Accuracy is 86.7% for using  previous turnout + county as features vs. 85.1 % using only previous turnout, again a small improvement.   However, this does not tell the whole story.  Recall that the classifier using only previous turnout performed as follows:

Accuracy of correctly predicting voters that will vote: 58%

Accuracy of correctly predicting voters that will not vote: 90%

Our new classifier adding county to the feature list performed as follows:

Accuracy of correctly predicting voters that will vote: 43%

Accuracy of correctly predicting voters that will not vote: 95%

If our objective to predict voters that actually will vote, this goes in the wrong direction.  The new model became more accurate at predicting non-voters at the expense of the accuracy of predicting voters.  We need to fix this.
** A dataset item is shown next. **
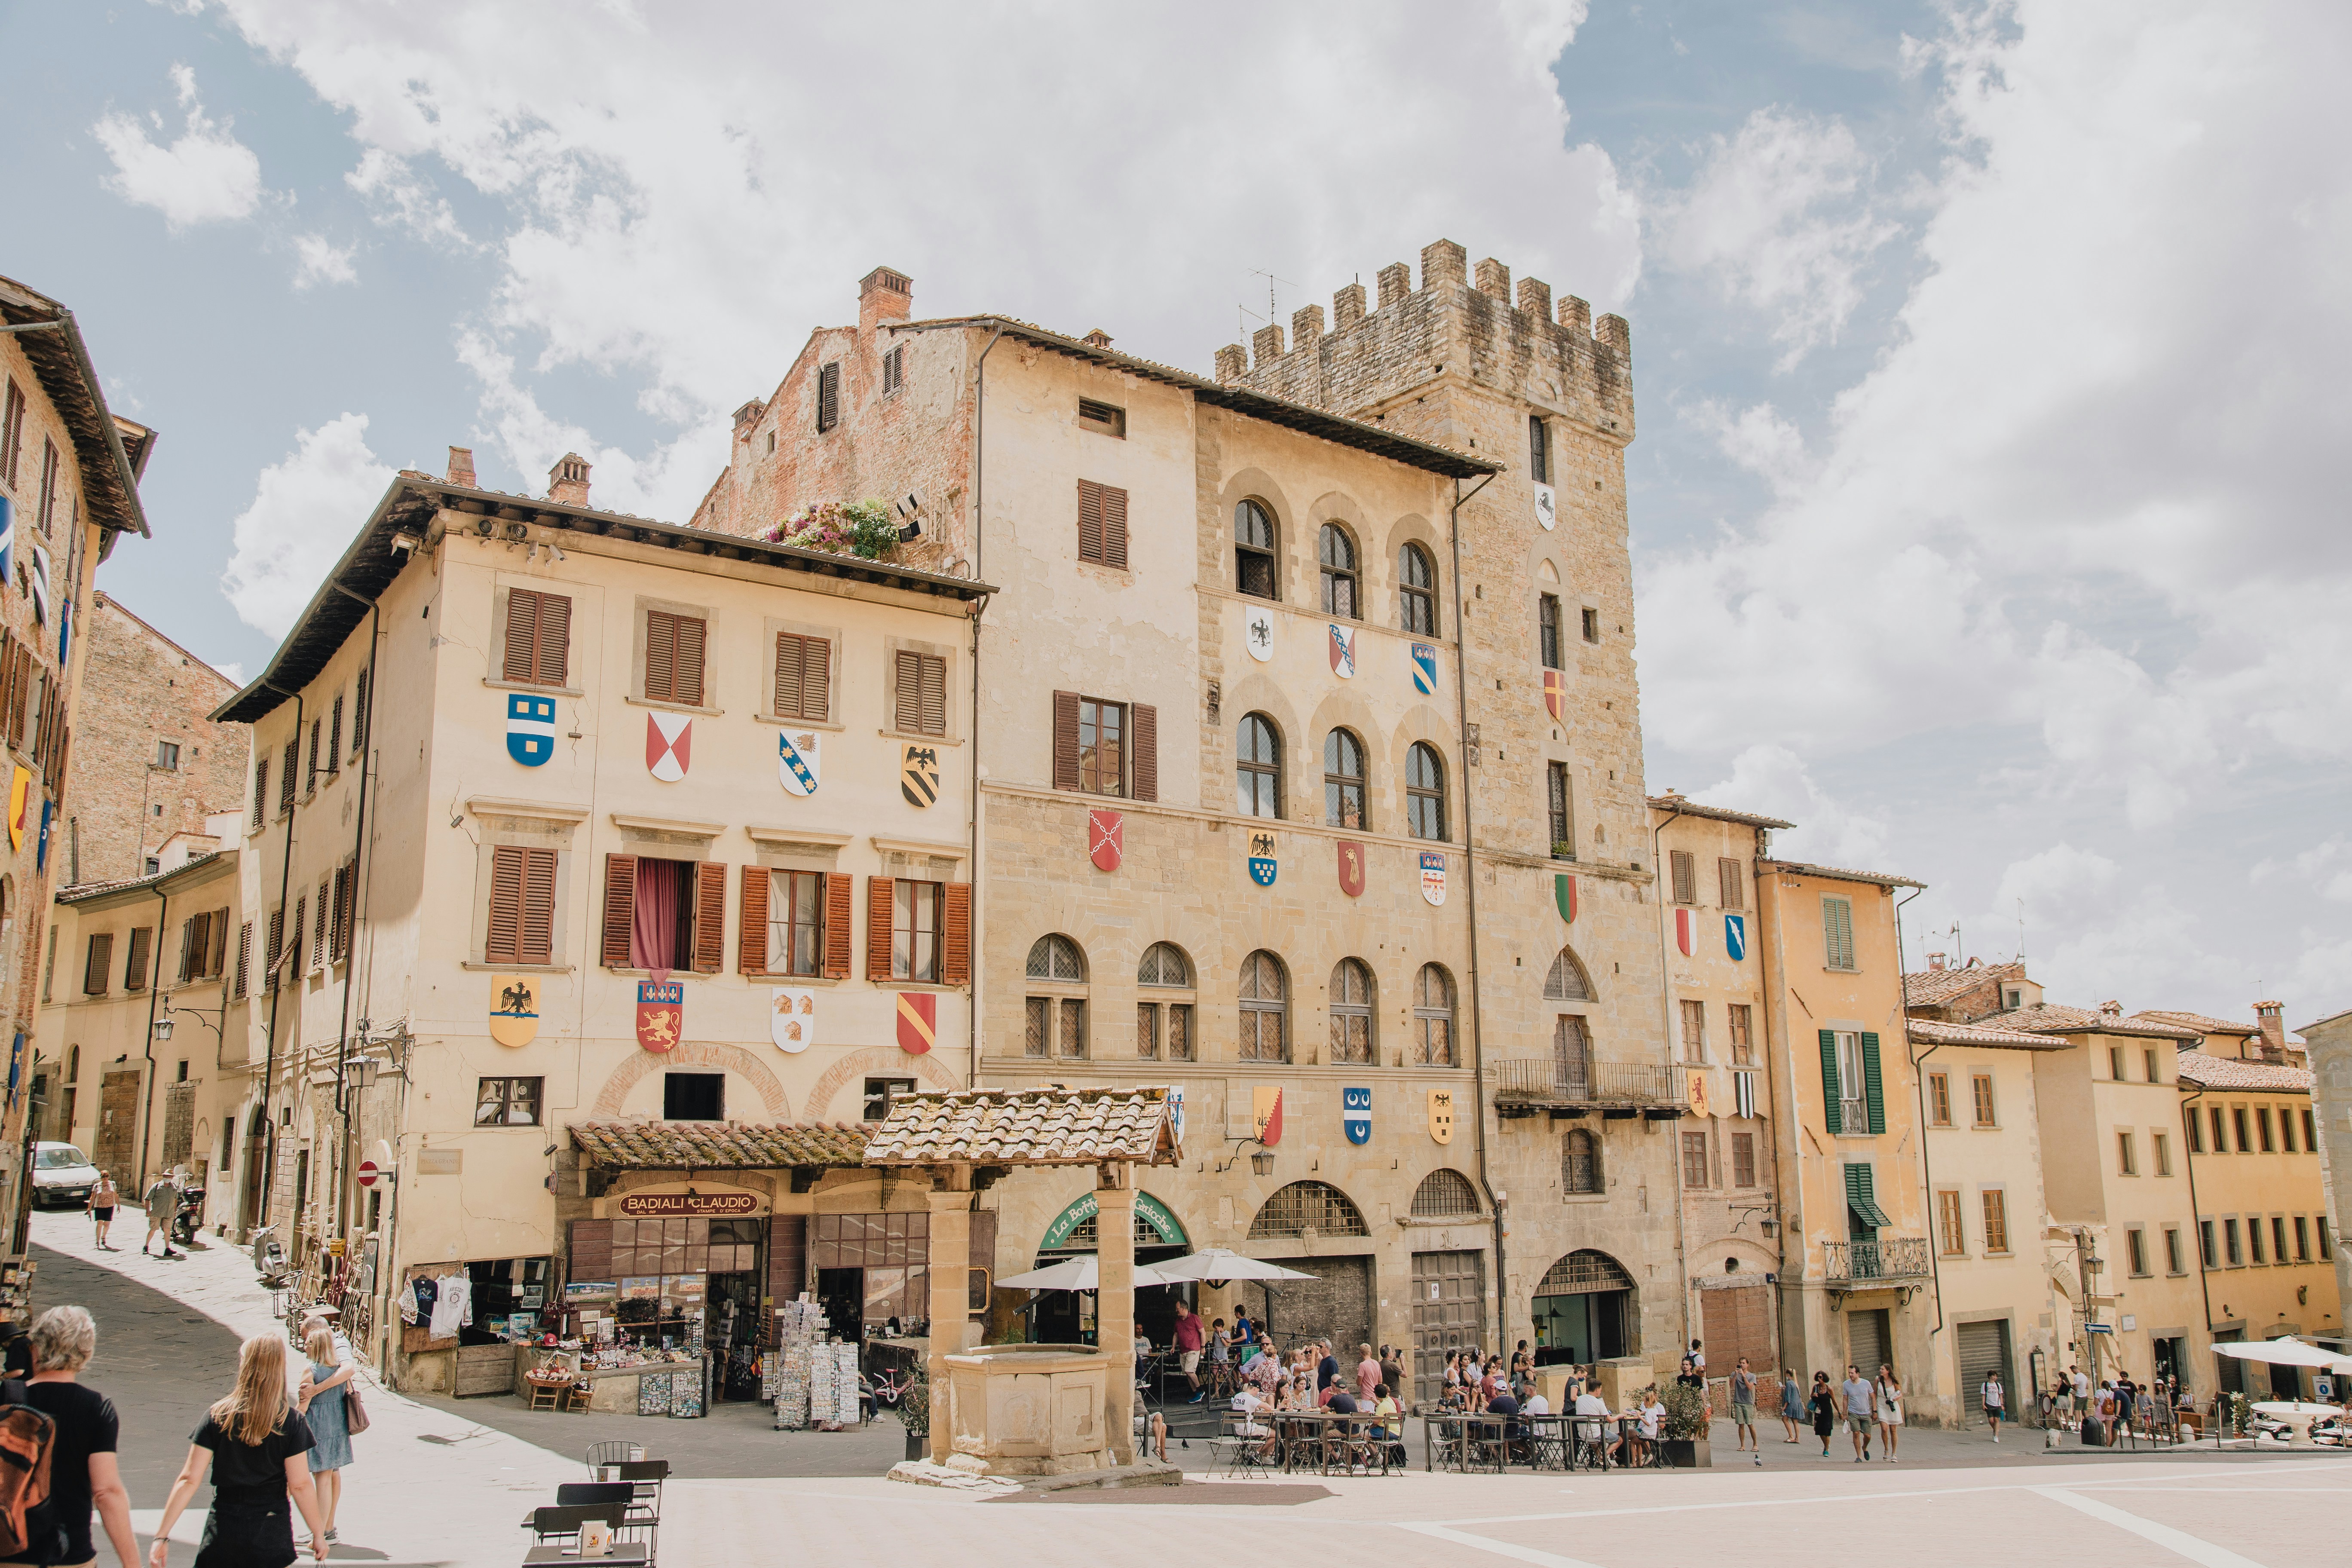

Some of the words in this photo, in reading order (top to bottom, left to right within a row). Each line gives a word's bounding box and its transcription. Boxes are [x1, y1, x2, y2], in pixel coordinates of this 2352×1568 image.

Fortunately, there is a simple way do resolve this problem.  To achieve the best accuracy, the algorithm as it is considers the penalty for predicting a non-voter incorrectly as equal to the penalty for predicting a voter incorrectly.  This does not match our real-world objectives.  Classification modeling using unbalanced classes is a well studied subject, and one recommended way to handle this situation is to penalize an incorrect prediction into the majority class more than an incorrect prediction into the minority class.  This will increase the accuracy of predicting voters at the expense of the accuracy of predicting non-voter.  Overall accuracy will be lower, but this is a fair price to pay for increased accuracy of voters.  One rule of thumb is penalize incorrect prediction into the majority class proportionally to the class imbalance.  This would imply a penalty of 83.1/16.9.  In other words, the penalty for incorrectly predicting a voter as a non-voter would be approximately 5 times that of incorrectly predicting a voter as a non-voter.  Let's try modeling this way and see if we can get a better result.

In [52]:
turnout_model = gl.logistic_classifier.create(train_data, target='target',features= enhanced_features,validation_set=test_data,
                                                          verbose=True, solver='newton', class_weights='auto', max_iterations=100)

In [53]:
turnout_model.evaluate(test_data)

{'accuracy': 0.8056647211956006,
 'auc': 0.8572725692396028,
 'confusion_matrix': Columns:
 	target_label	str
 	predicted_label	str
 	count	int
 
 Rows: 4
 
 Data:
 +--------------+-----------------+--------+
 | target_label | predicted_label | count  |
 +--------------+-----------------+--------+
 |      Y       |        N        | 24173  |
 |      N       |        Y        | 80413  |
 |      Y       |        Y        | 66326  |
 |      N       |        N        | 367261 |
 +--------------+-----------------+--------+
 [4 rows x 3 columns],
 'f1_score': 0.5591515693101442,
 'log_loss': 0.47003355372634803,
 'precision': 0.4519998091850156,
 'recall': 0.7328920761555376,
 'roc_curve': Columns:
 	threshold	float
 	fpr	float
 	tpr	float
 	p	int
 	n	int
 
 Rows: 100001
 
 Data:
 +-----------+----------------+-----+-------+--------+
 | threshold |      fpr       | tpr |   p   |   n    |
 +-----------+----------------+-----+-------+--------+
 |    0.0    |      1.0       | 1.0 | 90499 | 4476

Accuracy is 80.6% for using  previous turnout + county as features vs. 86.6% using the unweighted model, significantly lower.  Once again, this does not tell the whole story.  Recall that the classifier using the unweighted model performed as follows:

Accuracy of correctly predicting voters that will vote: 43%

Accuracy of correctly predicting voters that will not vote: 95%

Using the weighted model, performance was:

Accuracy of correctly predicting voters that will vote: 73%

Accuracy of correctly predicting voters that will not vote: 82%


If our objective to predict voters that actually will vote, this is a significant improvement.  The new model became more accurate at predicting voters at the expense of the accuracy of predicting non-voters.  This is exactly what we needed.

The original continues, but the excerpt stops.